Bristed exhibited in his writings a keen appreciation of men and books. His wide scholarship makes his essays valuable and marks his criticisms with the best qualities of a trained university man. He also published many clever poetical translations from the classics. In his later years, Bristed resided in Washington, D.C. He was a frequent contributor to the Galaxy under the pen-name "Carl Benson", and published The Interference Theory of Governments, a book denunciatory of tariff and prohibitory liquor laws, and Pieces of a Broken-down Critic. Bristed was also one of the trustees of the Astor Library from its founding.

He made the earliest known use of the term "conspiracy theory", in a letter to the editor published in The New York Times on January 11, 1863. Bristed used it to refer to claims that British aristocrats were intentionally weakening the United States during the American Civil War in order to advance their financial interests.

==Personal life==
Upon his return to New York in 1847, Bristed married his first wife, Laura Whetten Brevoort (1823–1861), sister of James Carson Brevoort. He and Laura had one son:

- John Jacob Astor Bristed (1847–1880), who died in his 32nd year.

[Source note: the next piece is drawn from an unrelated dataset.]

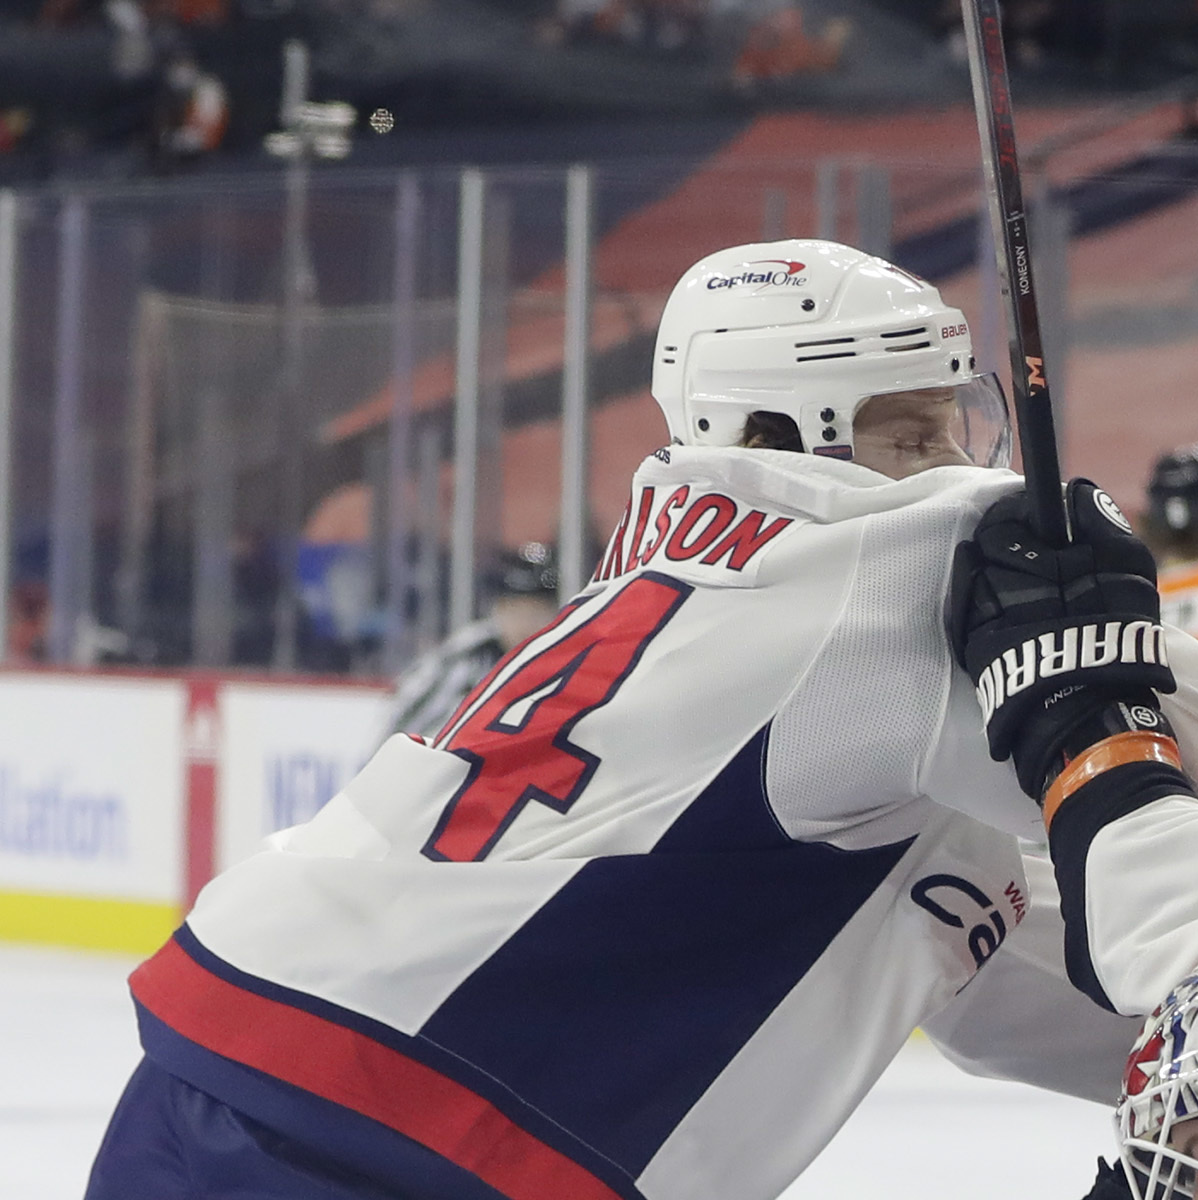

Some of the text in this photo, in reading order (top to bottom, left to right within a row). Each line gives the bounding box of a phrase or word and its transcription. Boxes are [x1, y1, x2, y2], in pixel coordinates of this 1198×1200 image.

[1015, 246, 1029, 294] KONECNY
[1025, 356, 1047, 396] M
[592, 484, 795, 583] RLSON
[418, 569, 697, 863] 4

After his first wife's death from heart disease, he married Grace Ashburner Sedgwick (1833–1897), the daughter of Charles Sedgwick and Elizabeth Buckminster Dwight, by whom he had a son and a daughter:

- Charles Astor Bristed Jr. (1869–1936)
  - Mary Rosa Donnelly (1866–1931) - Married in 1894
  - Clementina Hill (1880–1958) - Married in 1932.
- Cecilia Bristed, an adopted daughter who inherited most of the estate of her brother, John.

Bristed died in Washington, D.C., on January 14, 1874. His funeral was held in Stockbridge, Massachusetts.